**Problem requirements**
Each entry is to be given again word for word; images are dropped.

**Supplied information**
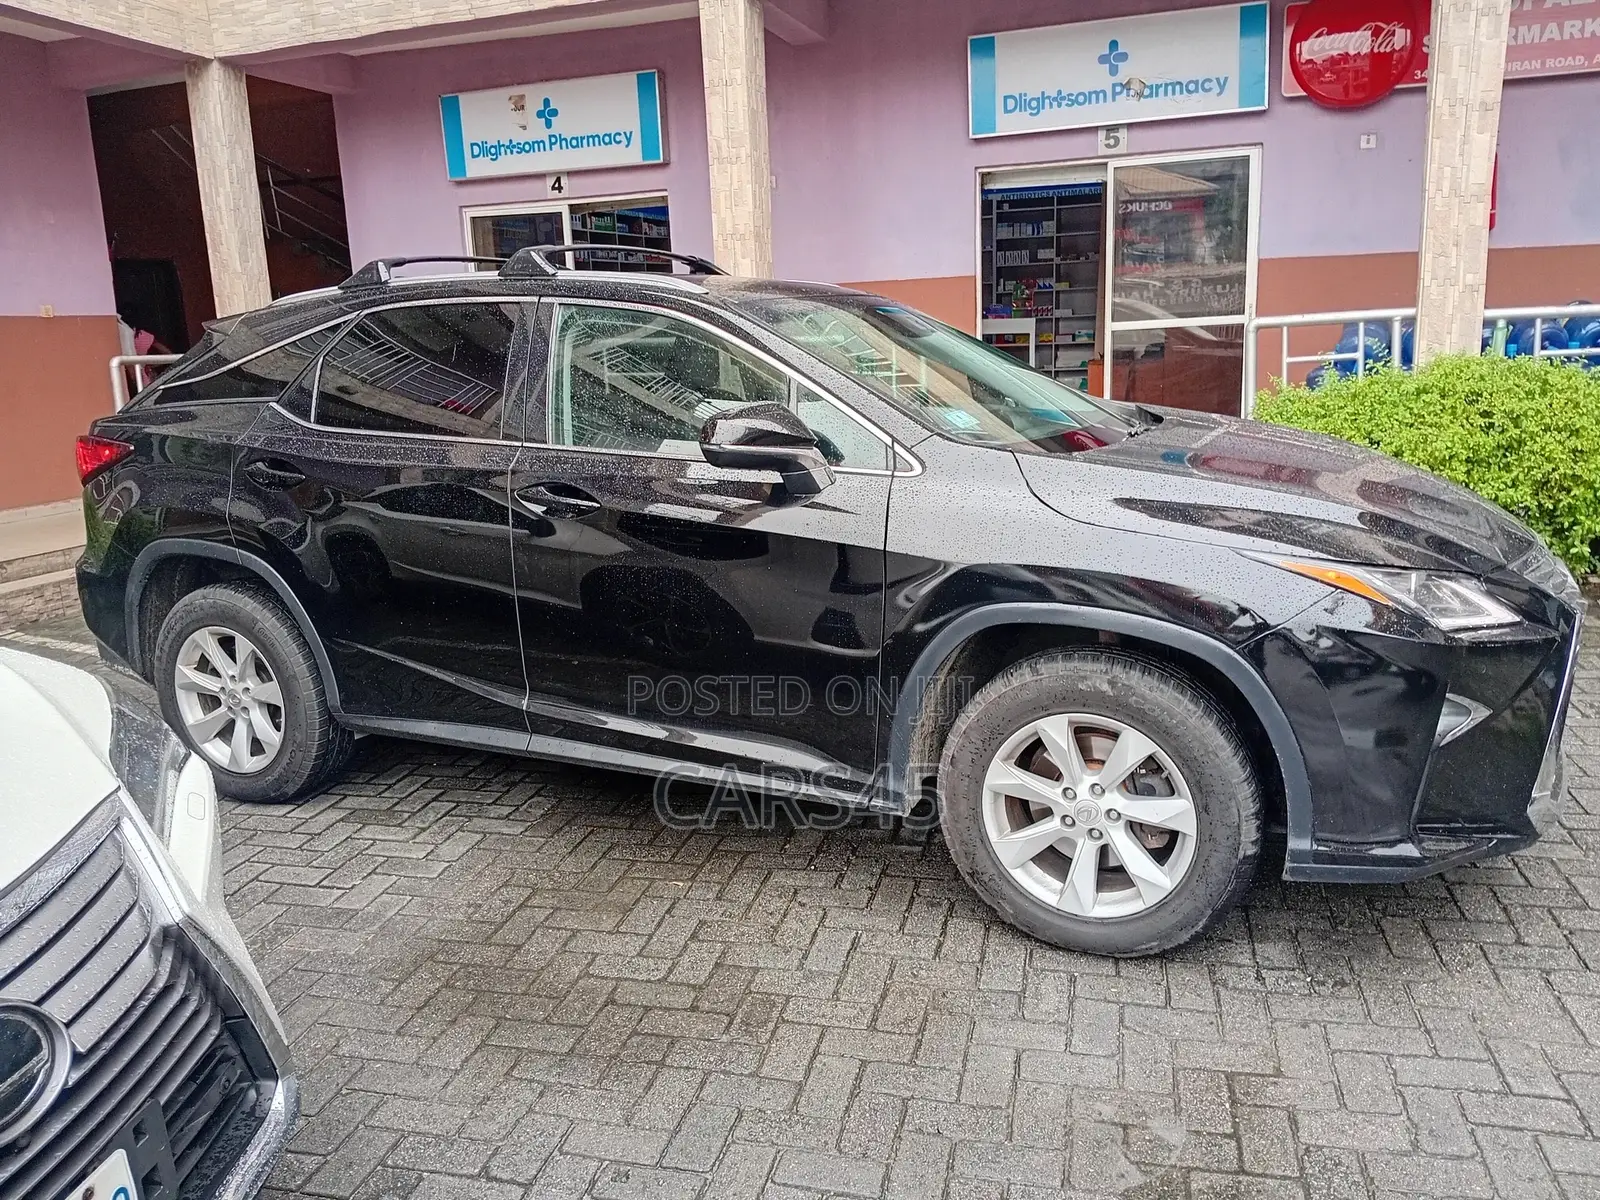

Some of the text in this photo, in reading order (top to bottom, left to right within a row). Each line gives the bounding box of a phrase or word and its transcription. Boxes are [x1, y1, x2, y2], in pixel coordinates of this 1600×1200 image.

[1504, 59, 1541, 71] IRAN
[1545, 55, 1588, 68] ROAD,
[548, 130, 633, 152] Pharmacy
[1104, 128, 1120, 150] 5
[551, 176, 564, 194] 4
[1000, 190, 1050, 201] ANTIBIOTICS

**Solution to this problem**
Some of the text in this photo, in reading order (top to bottom, left to right within a row). Each line gives the bounding box of a phrase or word and its transcription. Boxes are [x1, y1, x2, y2], in pixel coordinates of this 1600×1200 image.

[1504, 59, 1541, 71] IRAN
[1545, 55, 1588, 68] ROAD,
[548, 130, 633, 152] Pharmacy
[1104, 128, 1120, 150] 5
[551, 176, 564, 194] 4
[1000, 190, 1050, 201] ANTIBIOTICS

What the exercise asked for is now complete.